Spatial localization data
┄┄┄┄┄┄┄┄┄┄

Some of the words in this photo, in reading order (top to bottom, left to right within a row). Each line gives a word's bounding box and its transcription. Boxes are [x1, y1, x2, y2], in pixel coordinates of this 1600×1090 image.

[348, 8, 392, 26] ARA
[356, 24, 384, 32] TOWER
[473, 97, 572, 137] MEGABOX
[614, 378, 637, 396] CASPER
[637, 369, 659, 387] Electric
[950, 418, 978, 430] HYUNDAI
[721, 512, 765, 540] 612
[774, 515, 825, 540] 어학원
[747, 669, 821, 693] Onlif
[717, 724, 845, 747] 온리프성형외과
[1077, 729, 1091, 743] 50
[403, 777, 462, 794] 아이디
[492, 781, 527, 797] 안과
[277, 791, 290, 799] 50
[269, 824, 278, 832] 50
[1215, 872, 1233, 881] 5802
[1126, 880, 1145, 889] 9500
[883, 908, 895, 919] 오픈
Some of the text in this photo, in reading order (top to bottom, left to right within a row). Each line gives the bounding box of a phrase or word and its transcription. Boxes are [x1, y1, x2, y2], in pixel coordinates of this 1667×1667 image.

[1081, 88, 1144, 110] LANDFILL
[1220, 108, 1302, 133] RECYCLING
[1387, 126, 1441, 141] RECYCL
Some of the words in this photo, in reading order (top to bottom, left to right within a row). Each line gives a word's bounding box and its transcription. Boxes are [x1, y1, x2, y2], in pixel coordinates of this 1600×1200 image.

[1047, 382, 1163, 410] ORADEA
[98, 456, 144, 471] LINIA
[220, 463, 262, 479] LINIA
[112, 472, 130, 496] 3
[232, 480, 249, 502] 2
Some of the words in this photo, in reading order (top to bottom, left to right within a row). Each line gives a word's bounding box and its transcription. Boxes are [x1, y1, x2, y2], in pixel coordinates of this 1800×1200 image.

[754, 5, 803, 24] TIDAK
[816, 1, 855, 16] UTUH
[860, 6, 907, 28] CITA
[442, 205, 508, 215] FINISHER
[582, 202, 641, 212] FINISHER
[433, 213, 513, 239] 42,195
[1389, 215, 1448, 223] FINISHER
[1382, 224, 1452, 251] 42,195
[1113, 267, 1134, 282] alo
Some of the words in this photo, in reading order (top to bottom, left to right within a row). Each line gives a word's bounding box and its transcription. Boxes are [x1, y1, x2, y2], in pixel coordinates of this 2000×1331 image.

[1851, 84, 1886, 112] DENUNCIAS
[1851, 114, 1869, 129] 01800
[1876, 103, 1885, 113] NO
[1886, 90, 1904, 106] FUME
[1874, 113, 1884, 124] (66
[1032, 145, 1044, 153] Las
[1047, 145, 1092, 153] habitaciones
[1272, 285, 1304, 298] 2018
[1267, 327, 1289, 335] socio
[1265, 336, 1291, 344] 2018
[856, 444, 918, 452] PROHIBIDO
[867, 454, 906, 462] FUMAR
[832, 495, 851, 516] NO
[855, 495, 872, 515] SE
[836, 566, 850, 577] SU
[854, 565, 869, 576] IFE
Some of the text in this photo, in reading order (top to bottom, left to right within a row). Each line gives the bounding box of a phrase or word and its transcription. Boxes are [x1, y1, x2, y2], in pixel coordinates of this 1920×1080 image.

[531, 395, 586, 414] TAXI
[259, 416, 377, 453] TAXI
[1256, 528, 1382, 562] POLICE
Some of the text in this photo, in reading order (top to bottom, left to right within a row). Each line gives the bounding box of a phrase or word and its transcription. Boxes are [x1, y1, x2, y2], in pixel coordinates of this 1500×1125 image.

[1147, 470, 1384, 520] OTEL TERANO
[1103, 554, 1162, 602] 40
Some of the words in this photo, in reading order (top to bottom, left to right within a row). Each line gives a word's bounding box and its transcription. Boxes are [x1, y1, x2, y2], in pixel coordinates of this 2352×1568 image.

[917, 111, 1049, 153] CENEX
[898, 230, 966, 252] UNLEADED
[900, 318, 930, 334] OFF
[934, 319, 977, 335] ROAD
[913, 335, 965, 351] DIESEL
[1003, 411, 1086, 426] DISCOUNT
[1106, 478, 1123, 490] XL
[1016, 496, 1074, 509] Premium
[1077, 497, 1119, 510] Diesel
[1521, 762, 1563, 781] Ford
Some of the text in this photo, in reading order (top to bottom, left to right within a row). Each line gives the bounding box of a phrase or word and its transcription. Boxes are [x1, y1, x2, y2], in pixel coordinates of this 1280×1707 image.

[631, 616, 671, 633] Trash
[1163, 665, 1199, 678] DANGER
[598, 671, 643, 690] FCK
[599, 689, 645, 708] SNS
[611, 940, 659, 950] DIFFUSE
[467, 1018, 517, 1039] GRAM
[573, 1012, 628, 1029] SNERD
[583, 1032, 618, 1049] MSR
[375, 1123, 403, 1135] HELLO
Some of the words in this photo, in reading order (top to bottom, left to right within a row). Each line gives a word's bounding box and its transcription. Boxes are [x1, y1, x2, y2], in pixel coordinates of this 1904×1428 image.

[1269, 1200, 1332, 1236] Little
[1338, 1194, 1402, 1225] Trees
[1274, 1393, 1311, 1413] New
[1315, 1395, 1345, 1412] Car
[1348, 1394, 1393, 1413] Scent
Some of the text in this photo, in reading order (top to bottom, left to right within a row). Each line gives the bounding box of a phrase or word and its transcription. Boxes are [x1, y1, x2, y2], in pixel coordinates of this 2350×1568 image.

┄┄┄┄┄┄┄┄┄┄

Reproduce the entries exactly, each one as given.

■ **WRITTEN ANSWER**:
Some of the words in this photo, in reading order (top to bottom, left to right within a row). Each line gives a word's bounding box and its transcription. Boxes are [x1, y1, x2, y2], in pixel coordinates of this 1600×1090 image.

[348, 8, 392, 26] ARA
[356, 24, 384, 32] TOWER
[473, 97, 572, 137] MEGABOX
[614, 378, 637, 396] CASPER
[637, 369, 659, 387] Electric
[950, 418, 978, 430] HYUNDAI
[721, 512, 765, 540] 612
[774, 515, 825, 540] 어학원
[747, 669, 821, 693] Onlif
[717, 724, 845, 747] 온리프성형외과
[1077, 729, 1091, 743] 50
[403, 777, 462, 794] 아이디
[492, 781, 527, 797] 안과
[277, 791, 290, 799] 50
[269, 824, 278, 832] 50
[1215, 872, 1233, 881] 5802
[1126, 880, 1145, 889] 9500
[883, 908, 895, 919] 오픈
Some of the text in this photo, in reading order (top to bottom, left to right within a row). Each line gives the bounding box of a phrase or word and its transcription. Boxes are [x1, y1, x2, y2], in pixel coordinates of this 1667×1667 image.

[1081, 88, 1144, 110] LANDFILL
[1220, 108, 1302, 133] RECYCLING
[1387, 126, 1441, 141] RECYCL
Some of the words in this photo, in reading order (top to bottom, left to right within a row). Each line gives a word's bounding box and its transcription. Boxes are [x1, y1, x2, y2], in pixel coordinates of this 1600×1200 image.

[1047, 382, 1163, 410] ORADEA
[98, 456, 144, 471] LINIA
[220, 463, 262, 479] LINIA
[112, 472, 130, 496] 3
[232, 480, 249, 502] 2
Some of the words in this photo, in reading order (top to bottom, left to right within a row). Each line gives a word's bounding box and its transcription. Boxes are [x1, y1, x2, y2], in pixel coordinates of this 1800×1200 image.

[754, 5, 803, 24] TIDAK
[816, 1, 855, 16] UTUH
[860, 6, 907, 28] CITA
[442, 205, 508, 215] FINISHER
[582, 202, 641, 212] FINISHER
[433, 213, 513, 239] 42,195
[1389, 215, 1448, 223] FINISHER
[1382, 224, 1452, 251] 42,195
[1113, 267, 1134, 282] alo
Some of the words in this photo, in reading order (top to bottom, left to right within a row). Each line gives a word's bounding box and its transcription. Boxes are [x1, y1, x2, y2], in pixel coordinates of this 2000×1331 image.

[1851, 84, 1886, 112] DENUNCIAS
[1851, 114, 1869, 129] 01800
[1876, 103, 1885, 113] NO
[1886, 90, 1904, 106] FUME
[1874, 113, 1884, 124] (66
[1032, 145, 1044, 153] Las
[1047, 145, 1092, 153] habitaciones
[1272, 285, 1304, 298] 2018
[1267, 327, 1289, 335] socio
[1265, 336, 1291, 344] 2018
[856, 444, 918, 452] PROHIBIDO
[867, 454, 906, 462] FUMAR
[832, 495, 851, 516] NO
[855, 495, 872, 515] SE
[836, 566, 850, 577] SU
[854, 565, 869, 576] IFE
Some of the text in this photo, in reading order (top to bottom, left to right within a row). Each line gives the bounding box of a phrase or word and its transcription. Boxes are [x1, y1, x2, y2], in pixel coordinates of this 1920×1080 image.

[531, 395, 586, 414] TAXI
[259, 416, 377, 453] TAXI
[1256, 528, 1382, 562] POLICE
Some of the text in this photo, in reading order (top to bottom, left to right within a row). Each line gives the bounding box of a phrase or word and its transcription. Boxes are [x1, y1, x2, y2], in pixel coordinates of this 1500×1125 image.

[1147, 470, 1384, 520] OTEL TERANO
[1103, 554, 1162, 602] 40
Some of the words in this photo, in reading order (top to bottom, left to right within a row). Each line gives a word's bounding box and its transcription. Boxes are [x1, y1, x2, y2], in pixel coordinates of this 2352×1568 image.

[917, 111, 1049, 153] CENEX
[898, 230, 966, 252] UNLEADED
[900, 318, 930, 334] OFF
[934, 319, 977, 335] ROAD
[913, 335, 965, 351] DIESEL
[1003, 411, 1086, 426] DISCOUNT
[1106, 478, 1123, 490] XL
[1016, 496, 1074, 509] Premium
[1077, 497, 1119, 510] Diesel
[1521, 762, 1563, 781] Ford
Some of the text in this photo, in reading order (top to bottom, left to right within a row). Each line gives the bounding box of a phrase or word and its transcription. Boxes are [x1, y1, x2, y2], in pixel coordinates of this 1280×1707 image.

[631, 616, 671, 633] Trash
[1163, 665, 1199, 678] DANGER
[598, 671, 643, 690] FCK
[599, 689, 645, 708] SNS
[611, 940, 659, 950] DIFFUSE
[467, 1018, 517, 1039] GRAM
[573, 1012, 628, 1029] SNERD
[583, 1032, 618, 1049] MSR
[375, 1123, 403, 1135] HELLO
Some of the words in this photo, in reading order (top to bottom, left to right within a row). Each line gives a word's bounding box and its transcription. Boxes are [x1, y1, x2, y2], in pixel coordinates of this 1904×1428 image.

[1269, 1200, 1332, 1236] Little
[1338, 1194, 1402, 1225] Trees
[1274, 1393, 1311, 1413] New
[1315, 1395, 1345, 1412] Car
[1348, 1394, 1393, 1413] Scent
Some of the text in this photo, in reading order (top to bottom, left to right within a row). Each line gives the bounding box of a phrase or word and its transcription. Boxes are [x1, y1, x2, y2], in pixel coordinates of this 2350×1568 image.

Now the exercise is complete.